Sergio Pininfarina ha inoltre ricoperto numerose cariche nel corso della sua carriera. Tra le principali si segnalano: professore di “Progettazione di Carrozzeria” al Politecnico di Torino dal 1974 al 1977; presidente dell’Unione Industriale di Torino (1978-1984); deputato al Parlamento Europeo (1979-1988); presidente della Federazione delle Associazioni Industriali del Piemonte (1983-1988); presidente dell’Oica, Organisation Internationale des Constructeurs d’Automobiles (1987-1989); presidente di Confindustria (1988-1992); amministratore dell’Aume,  Association pour l’Union Monétaire de l’Europe (1989-1997); vice presidente dell’Unice, Union of Industrial and Employers’ Confederations of Europe (1990-1994); presidente del Comitato Leonardo – Italian Quality Committee (1993-1996); co-presidente del Comitato promotore della direttrice ferroviaria europea transpadana ad alta capacità merci e passeggeri (1991-2001); presidente Banca Crt (2001-2002); capo della Delegazione italiana in seno alla Commissione intergovernativa italo-francese per il nuovo collegamento ferroviario ad alta velocità fra Lione e Torino (2001-2005); presidente Fidia Spa (1996-2006); co-presidente Italy-Japan Business Group (2004-2007); presidente Editrice La Stampa Spa (2004-2008); consigliere d’amministrazione della Ferrari Spa dal 1969 al 2011.
Sergio Pininfarina ha ricevuto inoltre numerose onorificenze nel corso della sua carriera.
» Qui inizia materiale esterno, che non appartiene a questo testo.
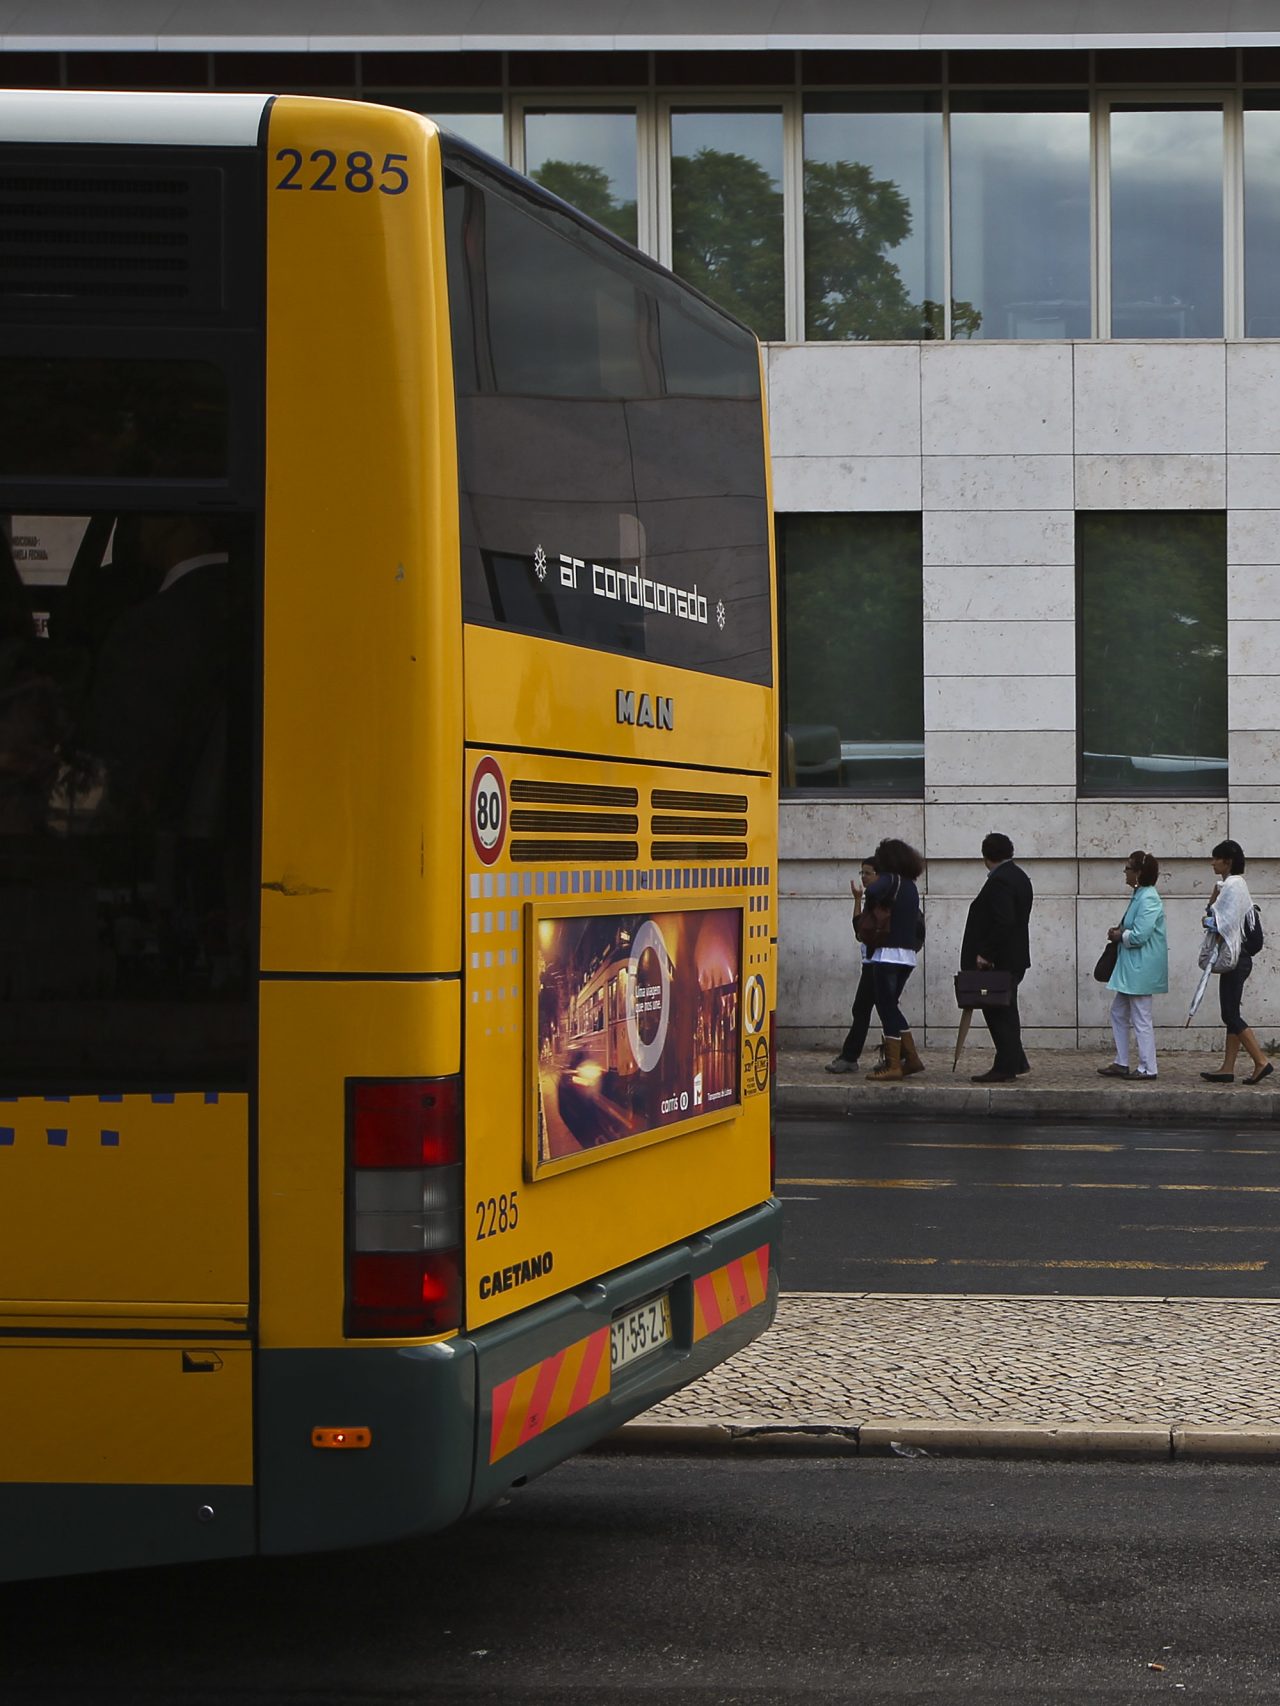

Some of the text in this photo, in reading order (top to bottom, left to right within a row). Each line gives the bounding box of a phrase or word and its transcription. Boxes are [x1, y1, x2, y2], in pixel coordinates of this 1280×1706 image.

[275, 148, 409, 195] 2285
[559, 554, 708, 625] ar condicionado
[616, 688, 673, 731] MAN
[477, 791, 500, 831] 80
[476, 1191, 518, 1241] 2285
[479, 1251, 554, 1300] CAETANO
Si segnalano le seguenti: Cavaliere del Lavoro dal Presidente della Repubblica Italiana (1976), Légion d’Honneur (Chevalier nel 1979 e Officier nel  1997), Honorary Royal Designer for Industry (1983), Membro Straniero dell’Accademia Reale Svedese delle Scienze di Ingegneria (1988), Designer Lifetime Achievement Award (1991), Super Trophée de l’“Automobile Magazine” (1992), Premio Guglielmo Tagliacarne (1994), Premio “Italy in the World” (1994), Compasso d’Oro alla Carriera (1995), Premio “France-Italie” (1997), Lion d’Oro (1998), Trophée du Design (1998), Premio Leonardo (1999), Head of the Century in the International Automotive Hall of Fame (2001), Premio “Torino libera” (2001), Business and Culture Award (2003), Palme d’Or del Festival Automobile International (2005), Automotive Hall of Fame di Dearborn, Michigan (2007); European Automotive Hall of Fame di Ginevra (2008).
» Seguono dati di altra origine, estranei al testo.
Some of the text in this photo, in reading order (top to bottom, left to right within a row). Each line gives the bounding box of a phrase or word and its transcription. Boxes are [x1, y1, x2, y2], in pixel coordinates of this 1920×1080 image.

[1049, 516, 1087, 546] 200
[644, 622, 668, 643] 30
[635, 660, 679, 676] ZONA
Gli sono state conferite 4 lauree honoris causa: nel 1993 quella in Economia e Commercio dall’Università Luiss di Roma; nel 2002 quella del Royal College of Art di Londra e quella in Disegno Industriale dal Politecnico di Milano; nel 2004 quella in  Belle Arti dal College for Creative Studies (Ccs) di Detroit.